AVAILABLE DATA =>
=== Section Start ===

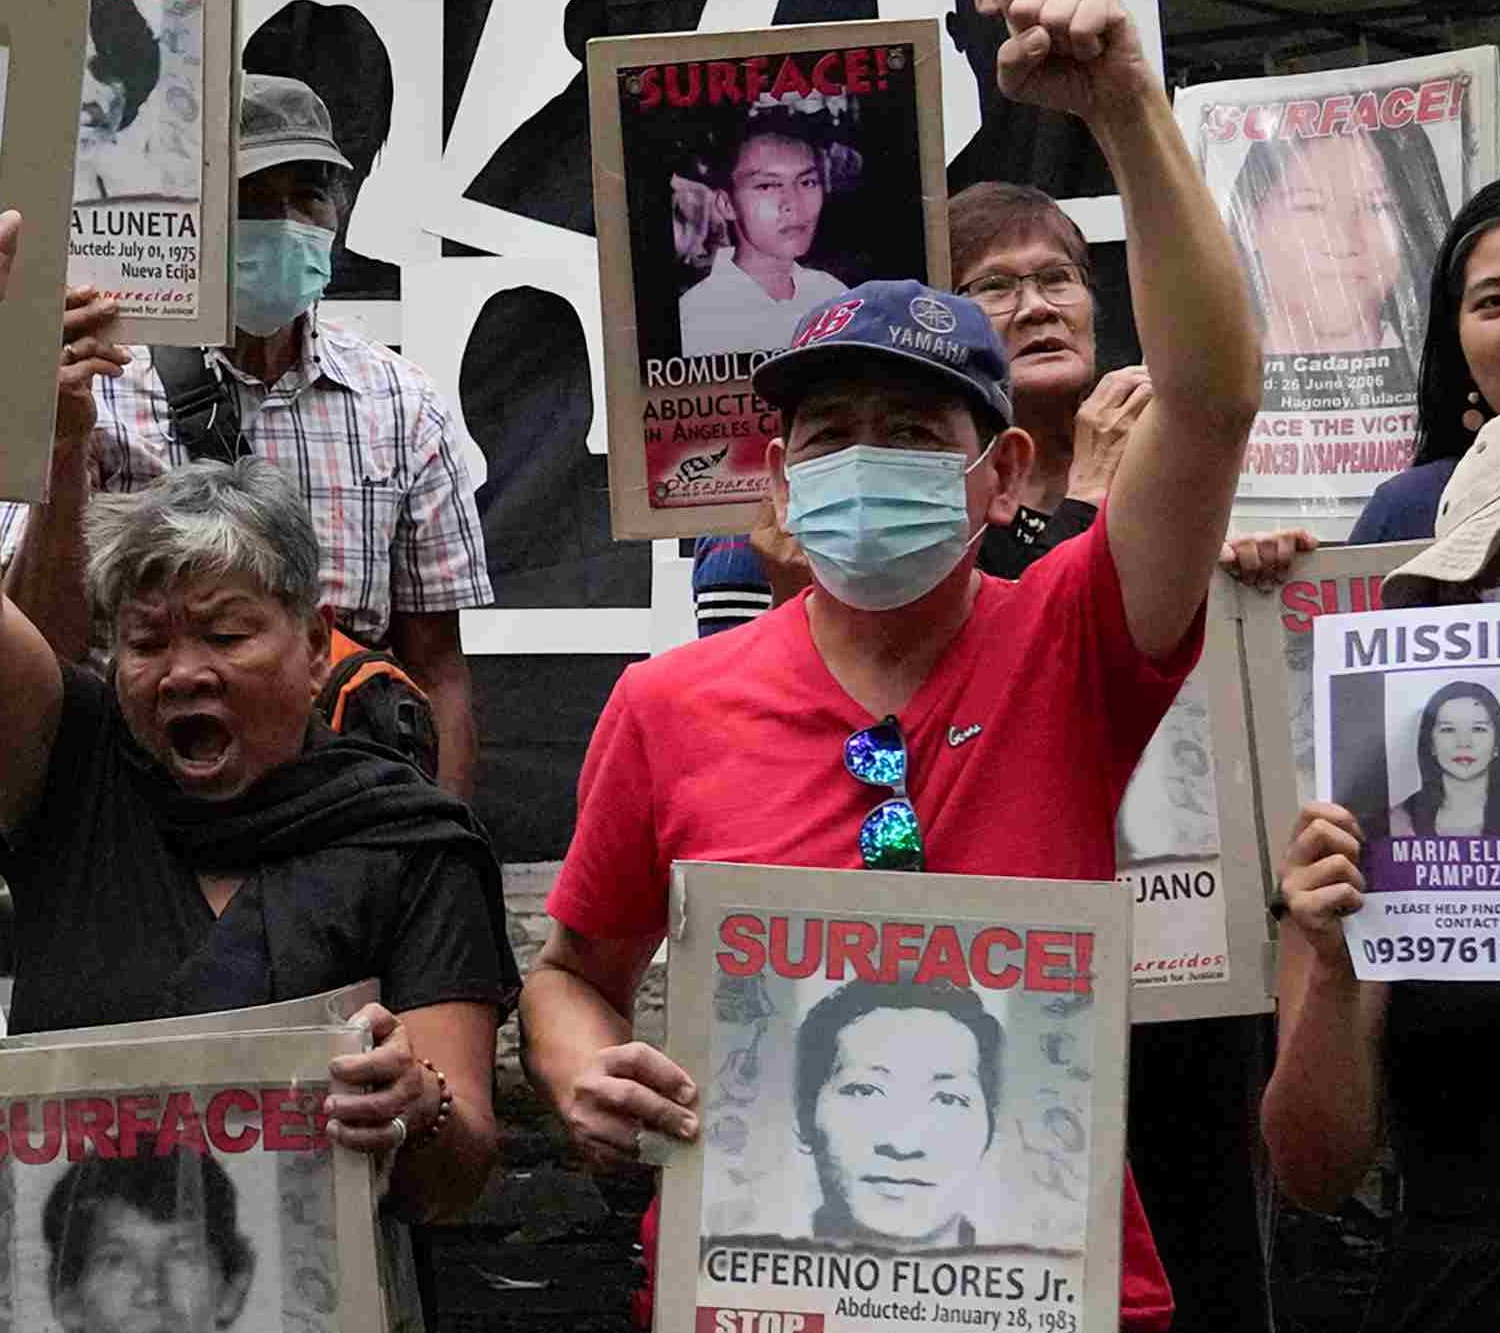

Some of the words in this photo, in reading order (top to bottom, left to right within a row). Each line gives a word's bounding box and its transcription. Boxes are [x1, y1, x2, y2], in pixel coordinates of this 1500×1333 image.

[641, 48, 889, 109] SURFACE!
[1206, 77, 1469, 141] SURFACE!
[93, 210, 197, 238] LUNETA
[118, 241, 144, 262] July
[148, 245, 165, 262] 01,
[169, 246, 196, 263] 1975
[121, 263, 163, 279] Nueva
[166, 264, 197, 283] Ecija
[888, 325, 969, 365] YAMAHA
[1293, 354, 1390, 375] Cadapan
[1310, 418, 1355, 437] THE
[1392, 840, 1461, 862] MARIA
[1385, 903, 1431, 916] PLEASE
[1434, 904, 1468, 916] HELP
[1434, 917, 1500, 929] CONTACT
[715, 913, 1096, 994] SURFACE!
[706, 1247, 880, 1292] CEFERINO
[892, 1260, 1026, 1301] FLORES
[1034, 1269, 1076, 1305] Jr.
[834, 1298, 928, 1324] Abducted:
[930, 1303, 1001, 1331] January
[1006, 1309, 1033, 1331] 28,
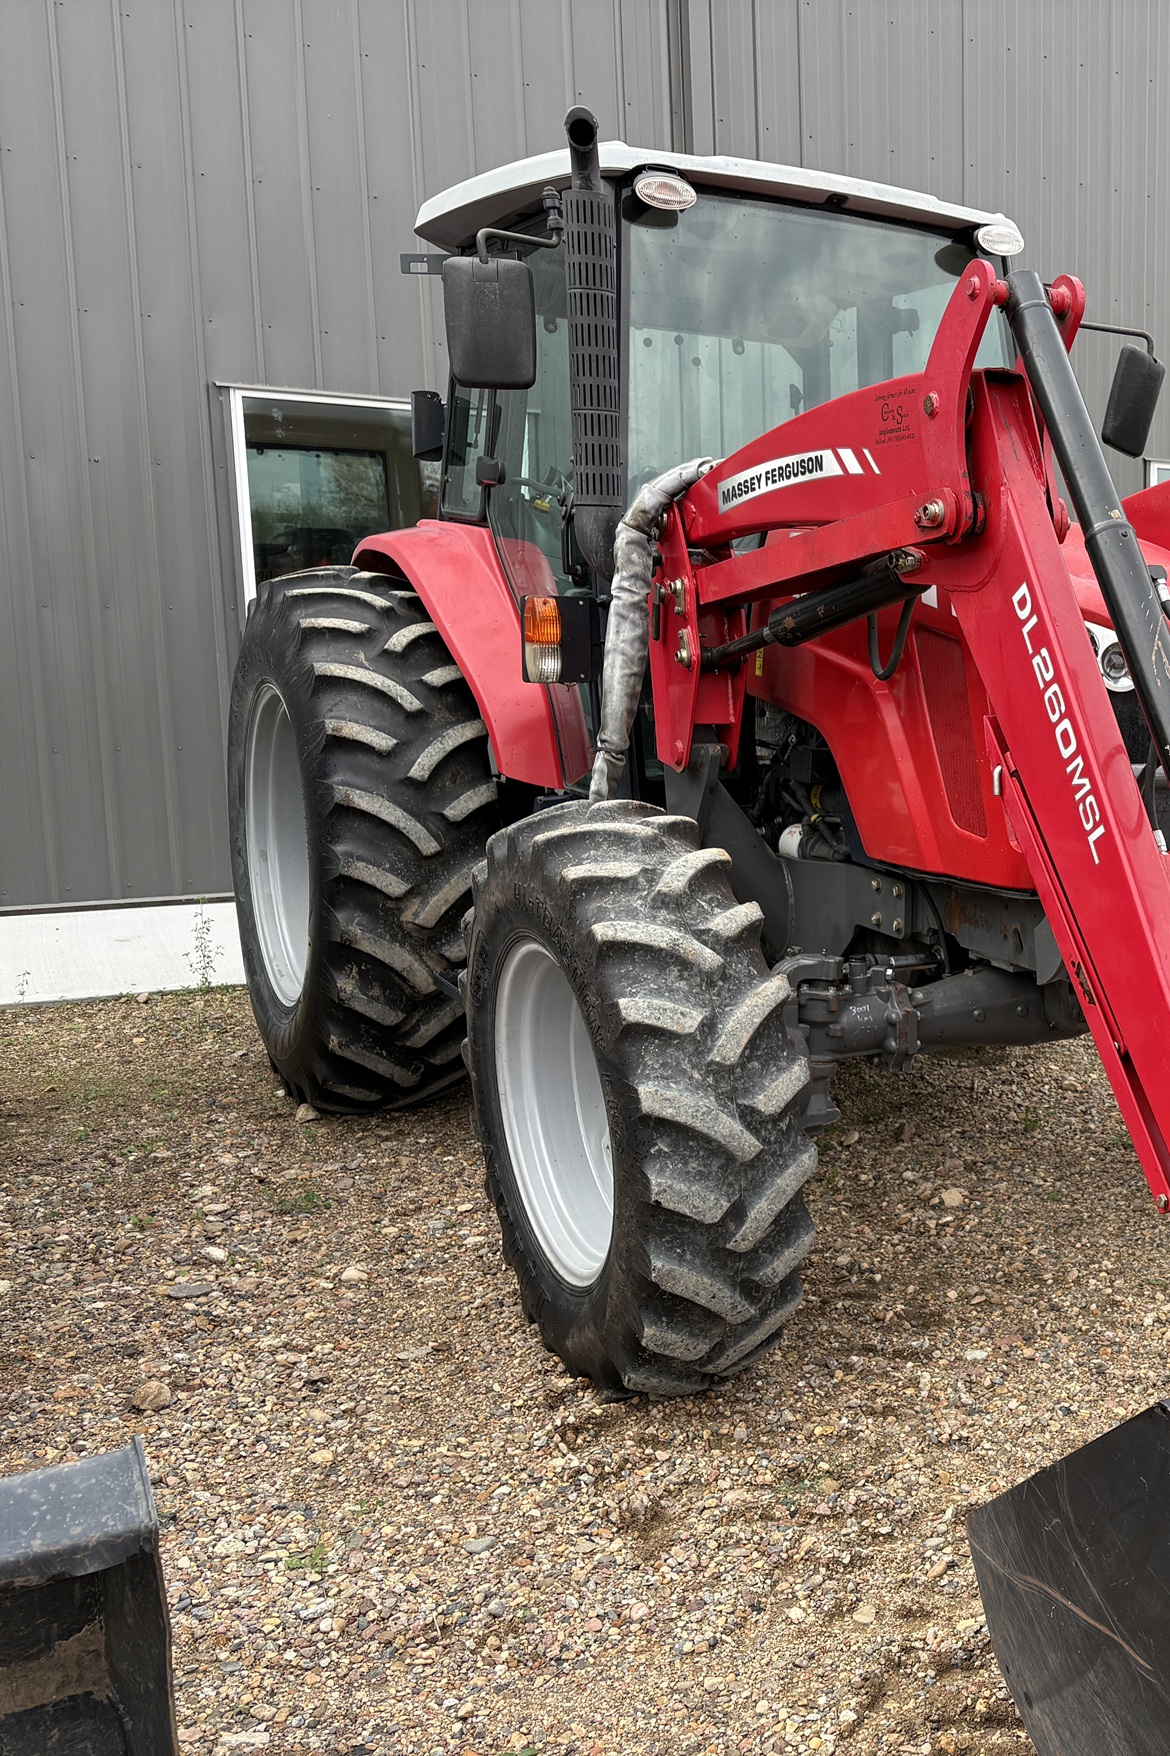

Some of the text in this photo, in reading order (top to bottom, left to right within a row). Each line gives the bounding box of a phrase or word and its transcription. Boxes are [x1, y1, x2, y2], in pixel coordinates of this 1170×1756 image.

[722, 454, 824, 506] MASSEY FERGUSON
[1011, 580, 1106, 866] DL260MSL
[850, 1004, 870, 1016] 3001
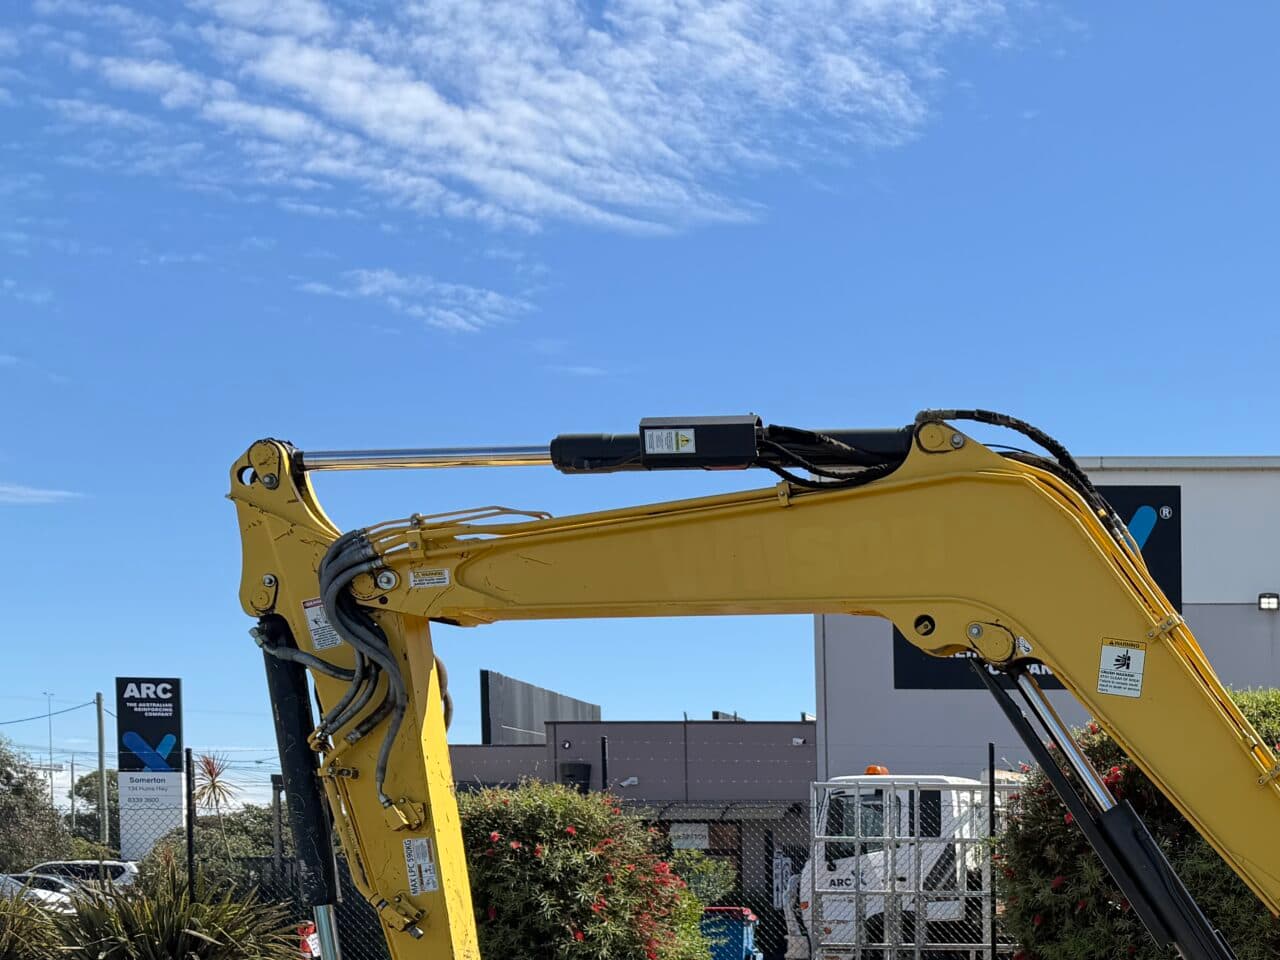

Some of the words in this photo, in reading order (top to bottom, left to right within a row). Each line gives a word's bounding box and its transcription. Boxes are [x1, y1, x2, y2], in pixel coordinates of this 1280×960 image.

[1115, 640, 1140, 649] WARNING
[123, 682, 173, 699] ARC
[129, 776, 166, 784] Somerton
[409, 879, 418, 895] MAX
[829, 878, 852, 887] ARC

=== Section End ===

PROBLEM DETAILS =>
Set the records down again exactly, and omit any picture in them.

ANSWER =>
Some of the words in this photo, in reading order (top to bottom, left to right within a row). Each line gives a word's bounding box and its transcription. Boxes are [x1, y1, x2, y2], in pixel coordinates of this 1500×1333 image.

[641, 48, 889, 109] SURFACE!
[1206, 77, 1469, 141] SURFACE!
[93, 210, 197, 238] LUNETA
[118, 241, 144, 262] July
[148, 245, 165, 262] 01,
[169, 246, 196, 263] 1975
[121, 263, 163, 279] Nueva
[166, 264, 197, 283] Ecija
[888, 325, 969, 365] YAMAHA
[1293, 354, 1390, 375] Cadapan
[1310, 418, 1355, 437] THE
[1392, 840, 1461, 862] MARIA
[1385, 903, 1431, 916] PLEASE
[1434, 904, 1468, 916] HELP
[1434, 917, 1500, 929] CONTACT
[715, 913, 1096, 994] SURFACE!
[706, 1247, 880, 1292] CEFERINO
[892, 1260, 1026, 1301] FLORES
[1034, 1269, 1076, 1305] Jr.
[834, 1298, 928, 1324] Abducted:
[930, 1303, 1001, 1331] January
[1006, 1309, 1033, 1331] 28,

Some of the text in this photo, in reading order (top to bottom, left to right within a row). Each line gives the bounding box of a phrase or word and its transcription. Boxes are [x1, y1, x2, y2], in pixel coordinates of this 1170×1756 image.

[722, 454, 824, 506] MASSEY FERGUSON
[1011, 580, 1106, 866] DL260MSL
[850, 1004, 870, 1016] 3001

Some of the words in this photo, in reading order (top to bottom, left to right within a row). Each line gives a word's bounding box and its transcription. Boxes are [x1, y1, x2, y2], in pixel coordinates of this 1280×960 image.

[1115, 640, 1140, 649] WARNING
[123, 682, 173, 699] ARC
[129, 776, 166, 784] Somerton
[409, 879, 418, 895] MAX
[829, 878, 852, 887] ARC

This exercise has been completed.